Table 2 Summary of the results from simulated data under Model A1. The Likelihood Ratio Tests were performed between Model A1 versus Model A2 using the volume partition at the 5% significance level. The table also shows the percentage of sites predicted to be in each site class.

We re-analyzed the MHC class I data set from [21] ([22, 23]) with Model A. [21] found numerous positively selected sites and showed that most of them are Antigen Recognition Sites (ARS). The same data set was also used in [11], to examine if the new method identifies the same sites as the original method. We also analyzed the abalone sperm lysin data from [23], with regard to the hydrophobicity, volume, polarity and charge physicochemical properties. We specified each of the four physicochemical properties: volume, hydrophobicity, charge, and polarity partitions with both Model A1 and A2 in these analyses.

Simulated data

The result of the simulation analysis is summarized in Table 2 and Figure 2. When the correct partition was used, both the LRT and the posterior Bayesian categorization were very accurate. When simulated data set 1 (with ω≤1 and γ>1) was analyzed using the volume partition (the same partition that the data was simulated from) and there was positive selection acting only on codon substitutions that altered the volume of the encoded amino acids, 99% of the sites were correctly identified as being in the ω≤1, γ>1 category.

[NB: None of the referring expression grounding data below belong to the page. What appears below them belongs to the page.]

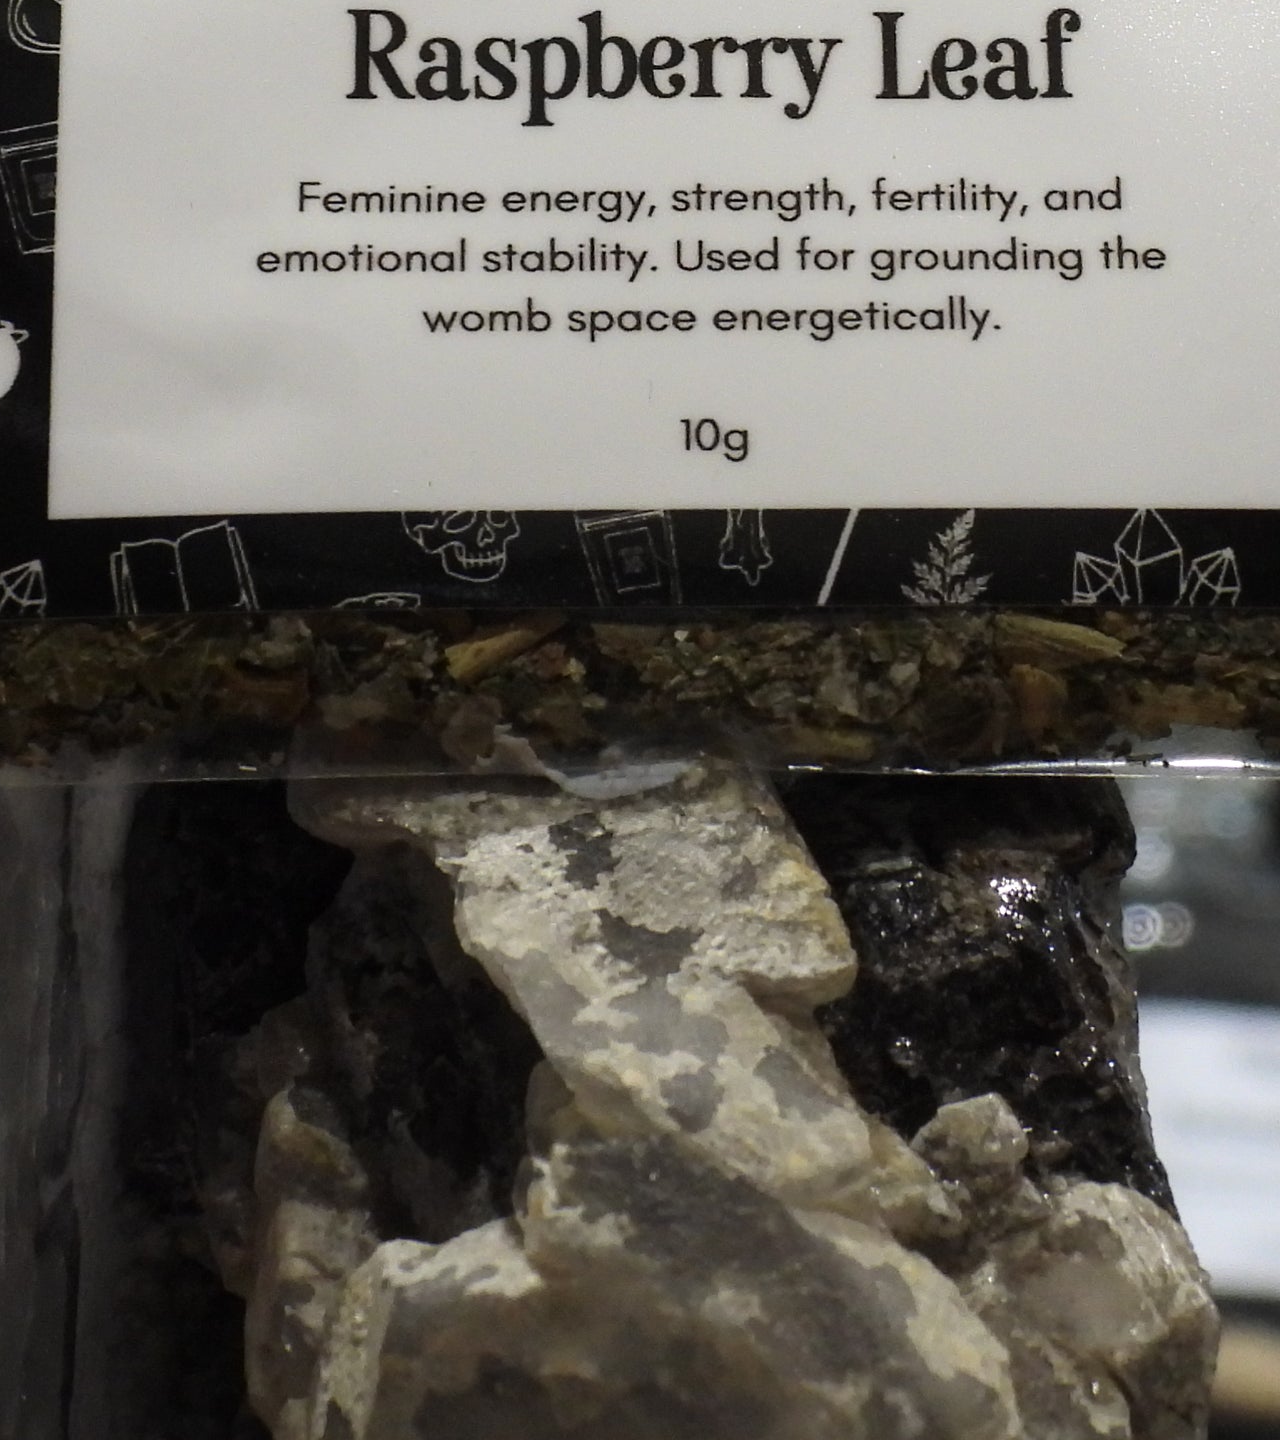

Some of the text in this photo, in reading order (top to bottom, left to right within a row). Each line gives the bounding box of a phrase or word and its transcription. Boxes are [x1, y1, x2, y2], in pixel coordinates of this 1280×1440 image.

[346, 8, 1081, 126] Raspberry Leaf
[298, 175, 1123, 224] Feminine energy, strength, fertility, and
[256, 234, 1167, 283] emotional stability. Used for grounding the
[422, 295, 1002, 343] womb space energetically.
[679, 418, 749, 464] 10g
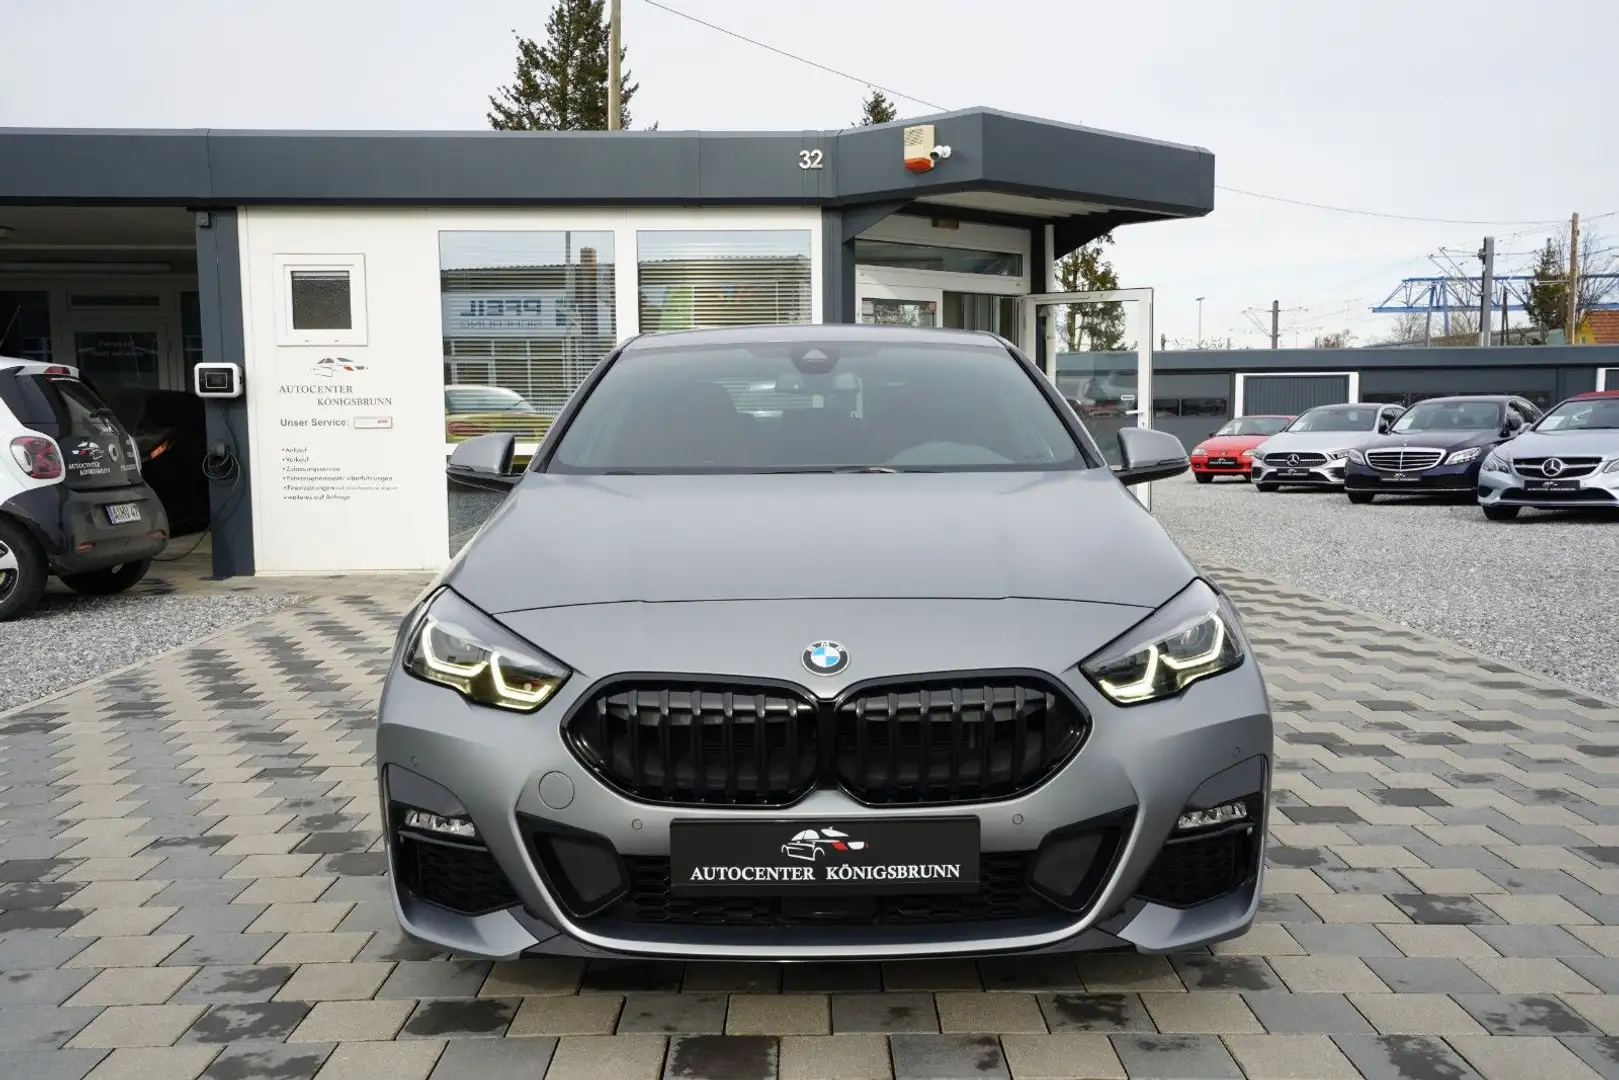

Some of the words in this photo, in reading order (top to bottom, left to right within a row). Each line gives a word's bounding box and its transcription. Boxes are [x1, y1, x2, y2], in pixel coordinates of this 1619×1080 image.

[798, 149, 823, 170] 32
[279, 385, 354, 394] AUTOCENTER
[317, 397, 392, 406] KÖNIGSBRUNN
[280, 417, 308, 427] Unser
[311, 417, 349, 427] Service:
[690, 866, 816, 881] AUTOCENTER
[825, 863, 962, 880] KÖNIGSBRUNN

Moreover, the LRTs performed between Model A1 versus Model A2 on the 100 replicates were all significant. When the data was simulated with ω>1 and γ<1 (data set 2), 97% of the sites were classified in the correct site class, and none of the LRTs between Models A1 and A2 were significant, as expected.

Figure 2

Distribution of the posterior probabilities for the correct site class classification in each of the simulated data sets. Each data set has 100 replicated and they were analyzed using Model A1 and the volume partition.

Amino acids that differ in volume may also differ in other physicochemical properties. Positive selection on another physicochemical property may then be inferred, even though selection may have truly targeted volume. To illustrate this concept and better understand its effect, we repeated the data analysis with other physicochemical properties. We partitioned the amino acids into those with high (A, C, I, V, L, M, F, Y, W, H, T, K, R) and low (R, G, S, D, E, N, Q) hydrophobicity. In each replicate, data was simulated assuming selection only targeted volume, but was analyzed under the hydrophobicity partition. In this case the resulting LRTs were all significant for both data set 1 and data set 2 (ω>1 and γ>1). The results were significant for data set 1 when the hydrophobicity physicochemical property was used due to some volume altering codon changes that are hydrophobicity altering as well (52 out of the 99 distinct amino acid pairs that differ in volume). Likewise, since there are some volume conserving nonsynonymous codon changes that are hydrophobicity altering (44 out of the 91 distinct amino acid pairs that differ in hydrophobicity), the LRTs were significant for data set 2 as well. Thus, the extent of overlap between two sets of distinct amino acid pairs, where each set contains pairs that differ with respect to one of the two given physicochemical properties, ultimately determines our ability to distinguish between the two properties, in terms of being exclusively targeted by positive selection. Nonetheless, our method can reliably identify the true physicochemical property in addition to other properties that have considerable overlap with the true property.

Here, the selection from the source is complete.